> _Requirement_: Copy exactly the lines that run from the one containing "this 2212×1659 image." through the end of the entries, both ends included.
_ _ _
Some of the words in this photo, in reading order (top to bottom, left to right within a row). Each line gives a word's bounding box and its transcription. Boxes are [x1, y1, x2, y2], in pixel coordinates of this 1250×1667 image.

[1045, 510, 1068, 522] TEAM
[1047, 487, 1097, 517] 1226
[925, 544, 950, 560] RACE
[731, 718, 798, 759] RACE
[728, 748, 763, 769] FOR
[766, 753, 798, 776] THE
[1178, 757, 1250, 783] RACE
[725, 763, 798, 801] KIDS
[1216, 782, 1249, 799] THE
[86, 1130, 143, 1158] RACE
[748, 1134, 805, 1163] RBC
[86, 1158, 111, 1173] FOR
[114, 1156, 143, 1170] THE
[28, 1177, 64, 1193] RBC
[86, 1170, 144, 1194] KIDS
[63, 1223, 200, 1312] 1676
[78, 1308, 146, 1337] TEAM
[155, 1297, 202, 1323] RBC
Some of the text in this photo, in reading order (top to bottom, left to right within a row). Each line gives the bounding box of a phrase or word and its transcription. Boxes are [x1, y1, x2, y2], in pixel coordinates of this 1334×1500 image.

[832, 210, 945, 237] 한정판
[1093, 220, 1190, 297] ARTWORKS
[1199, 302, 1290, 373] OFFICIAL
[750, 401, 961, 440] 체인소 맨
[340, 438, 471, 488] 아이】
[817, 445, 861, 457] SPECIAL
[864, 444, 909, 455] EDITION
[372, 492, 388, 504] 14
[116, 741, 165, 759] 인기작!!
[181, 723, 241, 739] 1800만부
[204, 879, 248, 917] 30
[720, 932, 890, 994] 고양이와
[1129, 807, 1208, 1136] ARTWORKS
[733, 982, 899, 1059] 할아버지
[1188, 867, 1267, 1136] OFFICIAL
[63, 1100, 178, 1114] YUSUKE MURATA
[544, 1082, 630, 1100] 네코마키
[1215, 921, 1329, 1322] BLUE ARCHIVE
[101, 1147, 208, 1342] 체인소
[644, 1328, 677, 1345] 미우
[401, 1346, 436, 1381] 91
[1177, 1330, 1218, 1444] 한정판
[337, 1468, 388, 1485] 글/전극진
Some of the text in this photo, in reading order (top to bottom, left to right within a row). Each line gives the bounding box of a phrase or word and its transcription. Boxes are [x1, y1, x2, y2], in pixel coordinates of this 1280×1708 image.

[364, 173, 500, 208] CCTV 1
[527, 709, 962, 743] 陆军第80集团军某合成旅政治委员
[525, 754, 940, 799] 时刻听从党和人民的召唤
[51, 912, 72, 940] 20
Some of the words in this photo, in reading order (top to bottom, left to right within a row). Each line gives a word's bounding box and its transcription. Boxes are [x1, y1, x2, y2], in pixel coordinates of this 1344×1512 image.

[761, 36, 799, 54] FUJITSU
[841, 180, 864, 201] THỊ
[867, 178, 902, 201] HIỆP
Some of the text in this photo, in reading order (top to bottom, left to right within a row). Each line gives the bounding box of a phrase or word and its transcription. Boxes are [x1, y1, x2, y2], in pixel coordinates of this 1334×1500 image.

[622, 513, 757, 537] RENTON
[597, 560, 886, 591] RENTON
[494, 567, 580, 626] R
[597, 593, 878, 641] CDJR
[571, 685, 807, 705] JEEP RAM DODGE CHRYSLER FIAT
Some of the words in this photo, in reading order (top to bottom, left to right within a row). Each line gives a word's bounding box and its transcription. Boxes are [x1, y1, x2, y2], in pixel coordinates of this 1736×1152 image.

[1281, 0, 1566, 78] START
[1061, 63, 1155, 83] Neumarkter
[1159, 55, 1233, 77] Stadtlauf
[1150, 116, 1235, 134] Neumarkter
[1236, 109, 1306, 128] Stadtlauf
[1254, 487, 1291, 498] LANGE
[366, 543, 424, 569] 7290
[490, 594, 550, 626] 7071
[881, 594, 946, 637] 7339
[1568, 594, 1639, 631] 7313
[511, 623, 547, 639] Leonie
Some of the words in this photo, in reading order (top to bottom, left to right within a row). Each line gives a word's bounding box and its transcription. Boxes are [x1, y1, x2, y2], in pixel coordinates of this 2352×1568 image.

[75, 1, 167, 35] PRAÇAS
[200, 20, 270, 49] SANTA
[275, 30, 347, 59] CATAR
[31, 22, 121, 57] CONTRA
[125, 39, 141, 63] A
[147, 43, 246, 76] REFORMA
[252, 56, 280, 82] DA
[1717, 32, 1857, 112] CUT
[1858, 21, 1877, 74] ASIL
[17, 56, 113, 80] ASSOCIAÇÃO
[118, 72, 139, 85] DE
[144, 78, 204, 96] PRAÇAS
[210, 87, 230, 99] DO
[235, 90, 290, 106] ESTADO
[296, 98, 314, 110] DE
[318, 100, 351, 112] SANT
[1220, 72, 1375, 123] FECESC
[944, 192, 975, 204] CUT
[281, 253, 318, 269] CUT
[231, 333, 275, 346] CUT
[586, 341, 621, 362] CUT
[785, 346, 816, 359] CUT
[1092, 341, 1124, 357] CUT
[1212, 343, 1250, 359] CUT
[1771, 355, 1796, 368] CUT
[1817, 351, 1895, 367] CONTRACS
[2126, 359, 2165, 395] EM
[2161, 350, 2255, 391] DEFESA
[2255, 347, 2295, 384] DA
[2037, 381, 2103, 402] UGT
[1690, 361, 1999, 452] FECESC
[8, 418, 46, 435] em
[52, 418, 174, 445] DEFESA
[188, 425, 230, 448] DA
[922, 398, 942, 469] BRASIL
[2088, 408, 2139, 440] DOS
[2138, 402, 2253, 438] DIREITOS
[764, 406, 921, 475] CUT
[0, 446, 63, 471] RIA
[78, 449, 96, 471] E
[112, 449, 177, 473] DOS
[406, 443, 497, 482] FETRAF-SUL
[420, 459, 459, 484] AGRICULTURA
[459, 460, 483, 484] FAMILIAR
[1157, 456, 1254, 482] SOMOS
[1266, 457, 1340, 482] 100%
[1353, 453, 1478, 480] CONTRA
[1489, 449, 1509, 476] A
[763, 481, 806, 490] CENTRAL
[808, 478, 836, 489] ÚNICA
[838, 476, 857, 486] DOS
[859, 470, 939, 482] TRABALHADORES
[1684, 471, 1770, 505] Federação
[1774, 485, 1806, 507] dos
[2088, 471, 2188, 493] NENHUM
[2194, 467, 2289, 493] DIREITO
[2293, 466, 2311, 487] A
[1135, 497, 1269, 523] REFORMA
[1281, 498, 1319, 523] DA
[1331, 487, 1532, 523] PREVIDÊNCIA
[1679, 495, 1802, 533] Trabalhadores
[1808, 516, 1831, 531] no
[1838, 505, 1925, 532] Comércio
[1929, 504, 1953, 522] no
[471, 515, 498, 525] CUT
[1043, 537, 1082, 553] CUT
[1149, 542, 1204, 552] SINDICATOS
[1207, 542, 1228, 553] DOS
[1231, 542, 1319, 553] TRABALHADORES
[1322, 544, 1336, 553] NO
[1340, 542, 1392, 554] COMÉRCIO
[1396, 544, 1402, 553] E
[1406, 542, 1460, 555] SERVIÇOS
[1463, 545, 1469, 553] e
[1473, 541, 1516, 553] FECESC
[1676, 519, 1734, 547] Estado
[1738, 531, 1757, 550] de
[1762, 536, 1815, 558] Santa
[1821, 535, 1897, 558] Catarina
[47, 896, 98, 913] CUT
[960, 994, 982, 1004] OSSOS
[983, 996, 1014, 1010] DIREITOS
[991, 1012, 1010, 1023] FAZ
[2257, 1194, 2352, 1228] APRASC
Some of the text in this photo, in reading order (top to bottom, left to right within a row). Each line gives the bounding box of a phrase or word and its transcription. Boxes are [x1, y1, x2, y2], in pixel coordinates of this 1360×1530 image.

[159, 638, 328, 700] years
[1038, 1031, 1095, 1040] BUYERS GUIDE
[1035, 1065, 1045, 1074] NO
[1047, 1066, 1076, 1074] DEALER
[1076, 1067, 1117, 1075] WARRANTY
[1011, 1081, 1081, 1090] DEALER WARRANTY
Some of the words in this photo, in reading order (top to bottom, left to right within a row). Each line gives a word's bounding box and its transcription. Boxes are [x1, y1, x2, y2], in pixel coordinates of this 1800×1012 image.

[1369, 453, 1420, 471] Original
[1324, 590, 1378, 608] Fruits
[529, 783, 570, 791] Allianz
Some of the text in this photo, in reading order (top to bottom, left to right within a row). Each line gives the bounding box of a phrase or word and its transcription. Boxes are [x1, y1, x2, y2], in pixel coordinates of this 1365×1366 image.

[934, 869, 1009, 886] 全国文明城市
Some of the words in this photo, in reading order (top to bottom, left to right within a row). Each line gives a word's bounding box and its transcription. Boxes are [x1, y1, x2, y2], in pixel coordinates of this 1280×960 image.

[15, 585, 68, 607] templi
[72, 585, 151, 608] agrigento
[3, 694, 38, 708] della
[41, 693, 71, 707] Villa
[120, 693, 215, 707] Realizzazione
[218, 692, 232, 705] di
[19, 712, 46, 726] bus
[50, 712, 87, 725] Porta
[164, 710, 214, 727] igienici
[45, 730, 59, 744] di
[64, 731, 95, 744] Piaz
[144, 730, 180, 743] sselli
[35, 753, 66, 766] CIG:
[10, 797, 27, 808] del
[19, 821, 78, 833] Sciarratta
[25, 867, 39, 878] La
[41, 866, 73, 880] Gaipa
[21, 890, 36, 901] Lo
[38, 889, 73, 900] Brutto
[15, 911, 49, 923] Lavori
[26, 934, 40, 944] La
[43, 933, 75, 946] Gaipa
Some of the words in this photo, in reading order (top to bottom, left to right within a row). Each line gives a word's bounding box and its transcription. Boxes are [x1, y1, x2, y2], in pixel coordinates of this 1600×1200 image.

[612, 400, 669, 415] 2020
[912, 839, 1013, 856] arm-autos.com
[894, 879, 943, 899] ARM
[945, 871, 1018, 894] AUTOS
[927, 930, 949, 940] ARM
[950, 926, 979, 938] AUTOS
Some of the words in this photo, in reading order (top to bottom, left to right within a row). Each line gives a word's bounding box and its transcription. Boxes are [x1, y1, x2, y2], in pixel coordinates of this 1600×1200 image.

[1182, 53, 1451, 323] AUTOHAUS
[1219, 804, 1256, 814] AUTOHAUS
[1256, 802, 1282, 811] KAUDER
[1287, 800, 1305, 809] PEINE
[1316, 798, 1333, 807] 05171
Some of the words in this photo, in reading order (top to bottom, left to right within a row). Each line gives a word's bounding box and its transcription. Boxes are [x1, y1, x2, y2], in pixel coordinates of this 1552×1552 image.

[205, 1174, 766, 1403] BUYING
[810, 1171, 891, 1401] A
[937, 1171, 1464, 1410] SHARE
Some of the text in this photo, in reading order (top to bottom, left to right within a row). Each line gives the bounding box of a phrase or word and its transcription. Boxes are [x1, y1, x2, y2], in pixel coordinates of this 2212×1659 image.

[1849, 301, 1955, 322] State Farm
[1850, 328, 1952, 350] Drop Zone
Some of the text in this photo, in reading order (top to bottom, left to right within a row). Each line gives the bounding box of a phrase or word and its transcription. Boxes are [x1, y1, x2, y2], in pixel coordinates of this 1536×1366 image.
_ _ _
> _Reply_:
Some of the text in this photo, in reading order (top to bottom, left to right within a row). Each line gives the bounding box of a phrase or word and its transcription. Boxes are [x1, y1, x2, y2], in pixel coordinates of this 2212×1659 image.

[1849, 301, 1955, 322] State Farm
[1850, 328, 1952, 350] Drop Zone
Some of the text in this photo, in reading order (top to bottom, left to right within a row). Each line gives the bounding box of a phrase or word and its transcription. Boxes are [x1, y1, x2, y2], in pixel coordinates of this 1536×1366 image.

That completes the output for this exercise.